Arianna Talamona

Personal information
- Born: 5 June 1994 (age 32) Varese, Italy
- Height: 170 cm (5 ft 7 in)

Sport
- Country: Italy
- Sport: Para swimming
- Disability: Strumpell-Lorrain disease
- Disability class: S5
- Club: Polha Varese
- Coached by: Massimiliano Tosin Micaela Biava

Medal record
Women's Para swimming
Representing Italy
World Championships
| Gold medal – first place | 2019 London | Women's 50m butterfly S5 |
| Gold medal – first place | 2019 London | Women's 200m individual medley SM5 |
| Silver medal – second place | 2019 London | Women's 100m freestyle S5 |
| Silver medal – second place | 2019 London | Women's 200m freestyle S5 |
European Championships
| Gold medal – first place | 2016 Funchal | Women's 200m individual medley SM7 |
| Gold medal – first place | 2018 Dublin | Women's 4x50m freestyle relay |
| Silver medal – second place | 2014 Eindhoven | Women's 200m individual medley SM7 |
| Bronze medal – third place | 2014 Eindhoven | Women's 400m freestyle S7 |
| Bronze medal – third place | 2014 Eindhoven | Women's 100m breaststroke SB6 |
| Bronze medal – third place | 2014 Eindhoven | Women's 4x50m medley relay |
| Bronze medal – third place | 2016 Funchal | Women's 100m backstroke S7 |
| Bronze medal – third place | 2016 Funchal | Women's 400m freestyle S7 |

= Arianna Talamona =

Italian Paralympic swimmer (born 1994)

Arianna Talamona (born 5 June 1994 in Varese) is an Italian Para swimmer who competes in international level events.

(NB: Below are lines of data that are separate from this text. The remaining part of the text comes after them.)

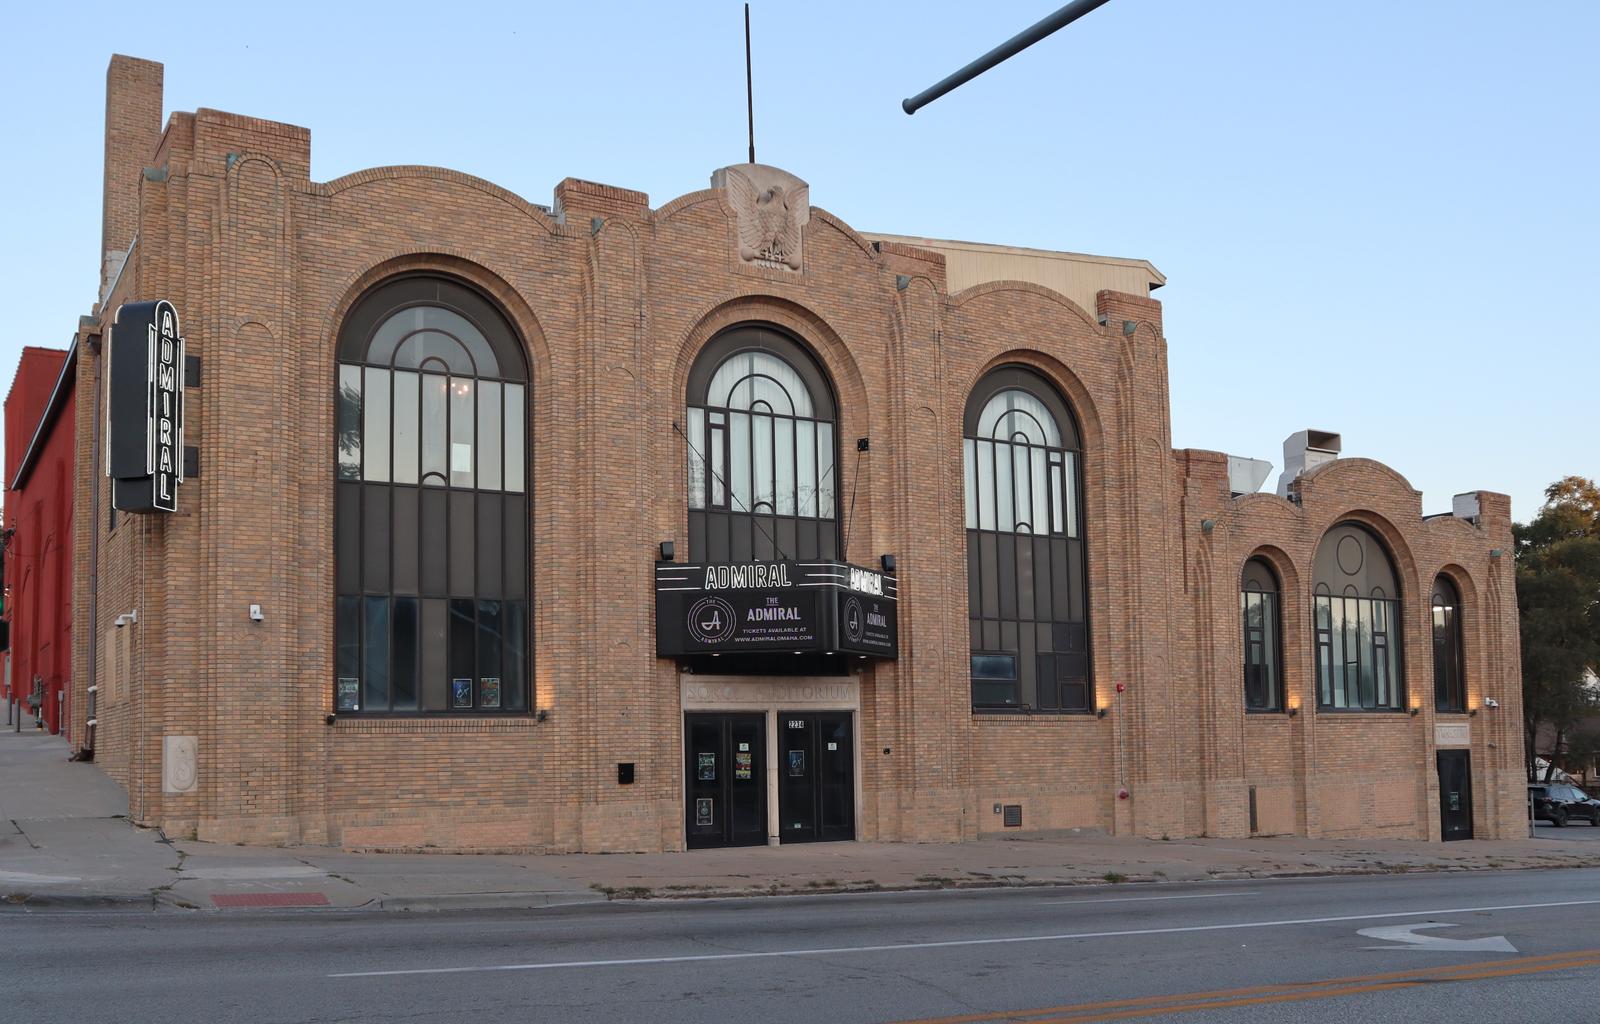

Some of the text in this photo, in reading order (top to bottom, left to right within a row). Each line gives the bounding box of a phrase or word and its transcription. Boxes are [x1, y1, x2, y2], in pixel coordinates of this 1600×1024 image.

[159, 311, 174, 500] ADMIRAL
[705, 564, 792, 589] ADMIRAL
[850, 567, 884, 596] ADMIRAL
[747, 607, 801, 621] ADMIRAL
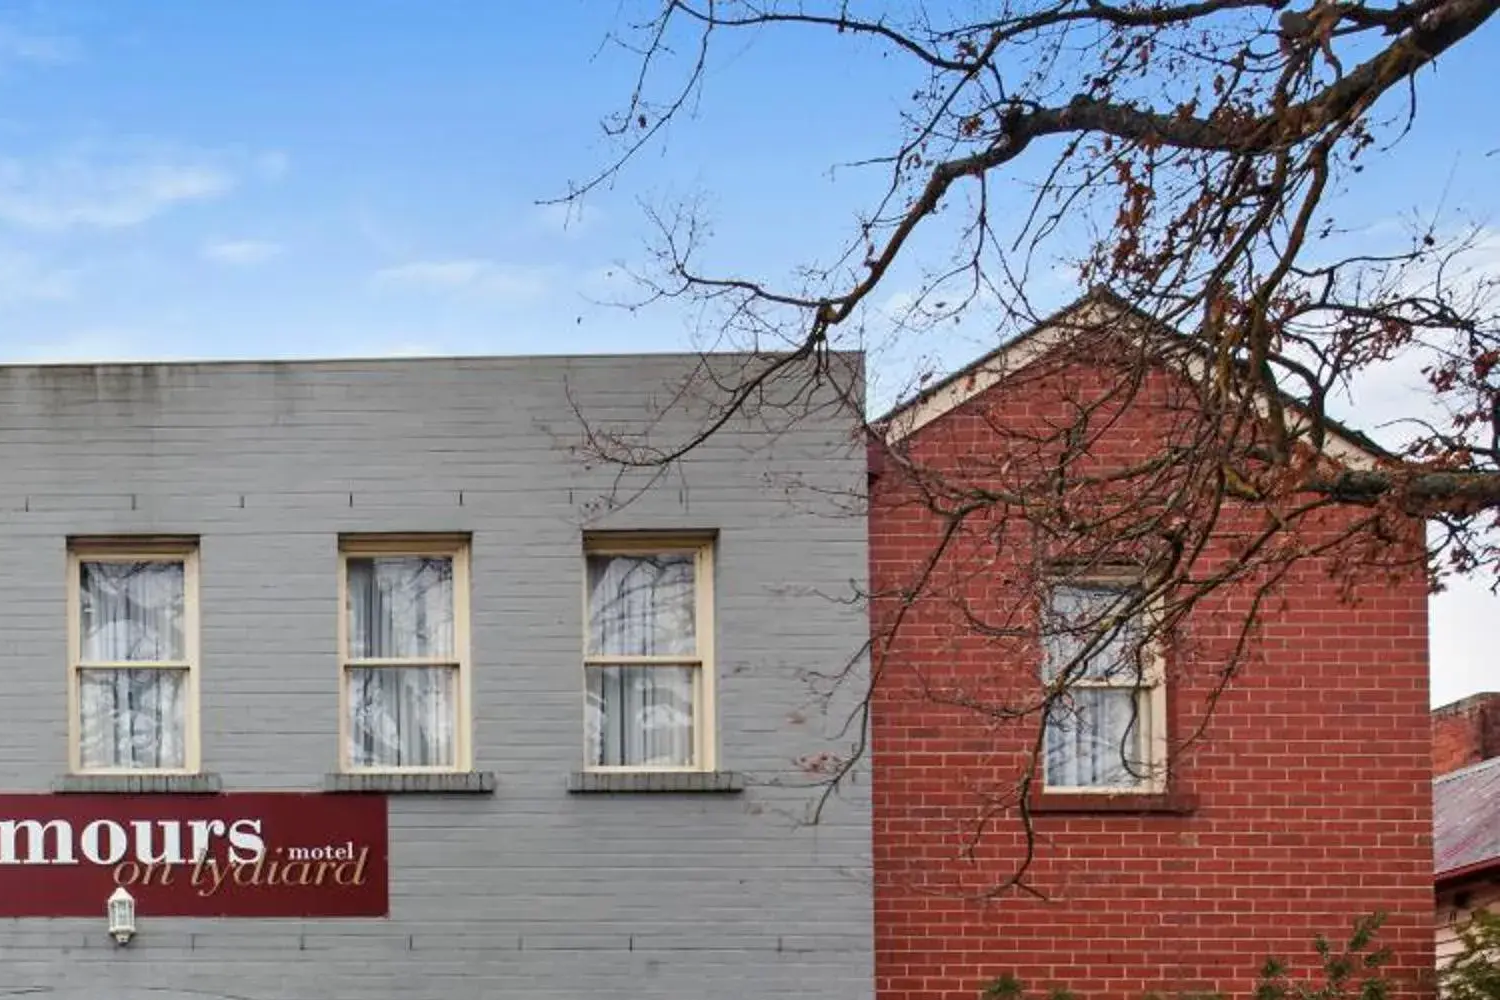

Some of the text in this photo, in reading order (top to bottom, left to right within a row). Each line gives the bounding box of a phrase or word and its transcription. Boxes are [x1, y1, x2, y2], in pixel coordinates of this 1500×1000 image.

[288, 841, 354, 861] motel
[112, 847, 369, 896] on lydiard

Talamona was diagnosed with Strumpell-Lorrain disease which affects her spinal cord and uses a wheelchair, she has inherited this medical condition from her mother. Talamona started swimming aged eight to help strengthen her muscles and began competing internationally at the 2011 IPC Swimming European Championships in Berlin where she competed in four events but didn't receive medals.